Should any entry seem unclear, still set it down exactly as given, along with all the others.

Dataset excerpts
+++
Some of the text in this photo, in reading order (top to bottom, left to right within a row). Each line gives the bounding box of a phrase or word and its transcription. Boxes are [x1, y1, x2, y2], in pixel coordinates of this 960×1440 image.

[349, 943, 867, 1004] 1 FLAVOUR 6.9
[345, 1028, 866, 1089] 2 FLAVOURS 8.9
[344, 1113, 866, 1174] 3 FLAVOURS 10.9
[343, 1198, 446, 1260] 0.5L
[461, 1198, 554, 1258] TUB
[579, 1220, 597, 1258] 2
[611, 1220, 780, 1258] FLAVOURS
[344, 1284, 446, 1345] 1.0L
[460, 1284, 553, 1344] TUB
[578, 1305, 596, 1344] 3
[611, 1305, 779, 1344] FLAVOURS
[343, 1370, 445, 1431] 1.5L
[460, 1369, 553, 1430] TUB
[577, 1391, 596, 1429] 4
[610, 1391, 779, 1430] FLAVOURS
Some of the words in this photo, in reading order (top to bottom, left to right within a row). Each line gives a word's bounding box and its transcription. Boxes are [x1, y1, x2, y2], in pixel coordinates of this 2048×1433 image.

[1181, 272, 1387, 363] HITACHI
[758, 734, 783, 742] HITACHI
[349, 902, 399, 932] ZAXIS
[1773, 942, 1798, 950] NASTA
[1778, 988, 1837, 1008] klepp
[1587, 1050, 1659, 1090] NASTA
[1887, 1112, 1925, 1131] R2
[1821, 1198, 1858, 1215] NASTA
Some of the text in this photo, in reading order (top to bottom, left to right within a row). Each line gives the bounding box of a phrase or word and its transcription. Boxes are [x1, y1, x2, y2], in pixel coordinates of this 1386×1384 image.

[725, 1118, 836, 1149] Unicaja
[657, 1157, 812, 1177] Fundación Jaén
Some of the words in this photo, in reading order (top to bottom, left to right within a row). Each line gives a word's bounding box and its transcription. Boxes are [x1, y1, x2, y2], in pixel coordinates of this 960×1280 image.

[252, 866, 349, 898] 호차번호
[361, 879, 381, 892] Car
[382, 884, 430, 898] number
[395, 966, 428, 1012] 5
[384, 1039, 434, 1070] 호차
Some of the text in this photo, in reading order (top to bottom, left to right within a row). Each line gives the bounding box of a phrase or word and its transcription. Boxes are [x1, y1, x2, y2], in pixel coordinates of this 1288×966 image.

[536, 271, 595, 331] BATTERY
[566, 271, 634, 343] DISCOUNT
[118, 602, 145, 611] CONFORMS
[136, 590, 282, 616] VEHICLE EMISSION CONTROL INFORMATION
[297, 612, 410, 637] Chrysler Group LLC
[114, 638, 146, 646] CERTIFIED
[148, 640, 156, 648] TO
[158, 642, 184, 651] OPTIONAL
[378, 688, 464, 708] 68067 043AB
+++
§ SOLUTION FOR THIS TASK:
Some of the text in this photo, in reading order (top to bottom, left to right within a row). Each line gives the bounding box of a phrase or word and its transcription. Boxes are [x1, y1, x2, y2], in pixel coordinates of this 960×1440 image.

[349, 943, 867, 1004] 1 FLAVOUR 6.9
[345, 1028, 866, 1089] 2 FLAVOURS 8.9
[344, 1113, 866, 1174] 3 FLAVOURS 10.9
[343, 1198, 446, 1260] 0.5L
[461, 1198, 554, 1258] TUB
[579, 1220, 597, 1258] 2
[611, 1220, 780, 1258] FLAVOURS
[344, 1284, 446, 1345] 1.0L
[460, 1284, 553, 1344] TUB
[578, 1305, 596, 1344] 3
[611, 1305, 779, 1344] FLAVOURS
[343, 1370, 445, 1431] 1.5L
[460, 1369, 553, 1430] TUB
[577, 1391, 596, 1429] 4
[610, 1391, 779, 1430] FLAVOURS
Some of the words in this photo, in reading order (top to bottom, left to right within a row). Each line gives a word's bounding box and its transcription. Boxes are [x1, y1, x2, y2], in pixel coordinates of this 2048×1433 image.

[1181, 272, 1387, 363] HITACHI
[758, 734, 783, 742] HITACHI
[349, 902, 399, 932] ZAXIS
[1773, 942, 1798, 950] NASTA
[1778, 988, 1837, 1008] klepp
[1587, 1050, 1659, 1090] NASTA
[1887, 1112, 1925, 1131] R2
[1821, 1198, 1858, 1215] NASTA
Some of the text in this photo, in reading order (top to bottom, left to right within a row). Each line gives the bounding box of a phrase or word and its transcription. Boxes are [x1, y1, x2, y2], in pixel coordinates of this 1386×1384 image.

[725, 1118, 836, 1149] Unicaja
[657, 1157, 812, 1177] Fundación Jaén
Some of the words in this photo, in reading order (top to bottom, left to right within a row). Each line gives a word's bounding box and its transcription. Boxes are [x1, y1, x2, y2], in pixel coordinates of this 960×1280 image.

[252, 866, 349, 898] 호차번호
[361, 879, 381, 892] Car
[382, 884, 430, 898] number
[395, 966, 428, 1012] 5
[384, 1039, 434, 1070] 호차
Some of the text in this photo, in reading order (top to bottom, left to right within a row). Each line gives the bounding box of a phrase or word and its transcription. Boxes are [x1, y1, x2, y2], in pixel coordinates of this 1288×966 image.

[536, 271, 595, 331] BATTERY
[566, 271, 634, 343] DISCOUNT
[118, 602, 145, 611] CONFORMS
[136, 590, 282, 616] VEHICLE EMISSION CONTROL INFORMATION
[297, 612, 410, 637] Chrysler Group LLC
[114, 638, 146, 646] CERTIFIED
[148, 640, 156, 648] TO
[158, 642, 184, 651] OPTIONAL
[378, 688, 464, 708] 68067 043AB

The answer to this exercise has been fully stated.